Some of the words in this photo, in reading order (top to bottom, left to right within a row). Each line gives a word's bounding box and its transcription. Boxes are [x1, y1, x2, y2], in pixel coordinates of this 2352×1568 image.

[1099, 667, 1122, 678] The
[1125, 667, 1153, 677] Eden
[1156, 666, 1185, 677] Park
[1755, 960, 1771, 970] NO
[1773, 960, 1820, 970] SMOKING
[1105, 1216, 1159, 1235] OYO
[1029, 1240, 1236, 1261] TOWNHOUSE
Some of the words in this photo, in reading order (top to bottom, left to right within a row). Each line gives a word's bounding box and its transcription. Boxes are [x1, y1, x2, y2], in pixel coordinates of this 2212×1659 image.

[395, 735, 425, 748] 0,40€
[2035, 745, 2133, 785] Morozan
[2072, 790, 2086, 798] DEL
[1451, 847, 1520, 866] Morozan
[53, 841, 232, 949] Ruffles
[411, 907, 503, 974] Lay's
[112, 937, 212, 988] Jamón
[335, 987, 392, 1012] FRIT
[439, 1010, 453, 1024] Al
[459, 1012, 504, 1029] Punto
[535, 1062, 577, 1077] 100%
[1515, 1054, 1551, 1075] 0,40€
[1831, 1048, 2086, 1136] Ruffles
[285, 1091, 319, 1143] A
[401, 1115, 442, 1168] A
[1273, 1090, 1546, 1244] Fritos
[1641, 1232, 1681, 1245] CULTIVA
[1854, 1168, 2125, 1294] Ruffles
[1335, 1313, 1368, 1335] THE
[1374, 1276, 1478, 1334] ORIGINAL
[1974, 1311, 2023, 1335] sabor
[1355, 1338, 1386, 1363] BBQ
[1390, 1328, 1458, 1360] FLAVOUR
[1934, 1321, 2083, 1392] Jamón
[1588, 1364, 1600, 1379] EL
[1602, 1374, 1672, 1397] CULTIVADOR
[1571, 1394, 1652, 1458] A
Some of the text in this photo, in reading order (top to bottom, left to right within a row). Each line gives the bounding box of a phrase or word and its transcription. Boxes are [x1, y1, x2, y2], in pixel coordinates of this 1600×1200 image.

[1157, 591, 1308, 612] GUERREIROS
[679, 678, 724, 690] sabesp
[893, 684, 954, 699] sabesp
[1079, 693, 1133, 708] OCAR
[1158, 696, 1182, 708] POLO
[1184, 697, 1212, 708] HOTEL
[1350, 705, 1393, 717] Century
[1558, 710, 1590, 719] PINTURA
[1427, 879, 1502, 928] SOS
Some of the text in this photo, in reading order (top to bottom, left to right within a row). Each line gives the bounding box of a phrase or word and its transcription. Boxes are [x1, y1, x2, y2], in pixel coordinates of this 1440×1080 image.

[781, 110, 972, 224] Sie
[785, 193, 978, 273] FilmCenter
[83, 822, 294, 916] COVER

——

• WHAT THE TASK REQUIRES: Starting from the line with "this 1600×1200 image.", write out every remaining line of the data above exactly, the final line included, and nothing before it.

• SOLUTION BELOW:
Some of the text in this photo, in reading order (top to bottom, left to right within a row). Each line gives the bounding box of a phrase or word and its transcription. Boxes are [x1, y1, x2, y2], in pixel coordinates of this 1600×1200 image.

[1157, 591, 1308, 612] GUERREIROS
[679, 678, 724, 690] sabesp
[893, 684, 954, 699] sabesp
[1079, 693, 1133, 708] OCAR
[1158, 696, 1182, 708] POLO
[1184, 697, 1212, 708] HOTEL
[1350, 705, 1393, 717] Century
[1558, 710, 1590, 719] PINTURA
[1427, 879, 1502, 928] SOS
Some of the text in this photo, in reading order (top to bottom, left to right within a row). Each line gives the bounding box of a phrase or word and its transcription. Boxes are [x1, y1, x2, y2], in pixel coordinates of this 1440×1080 image.

[781, 110, 972, 224] Sie
[785, 193, 978, 273] FilmCenter
[83, 822, 294, 916] COVER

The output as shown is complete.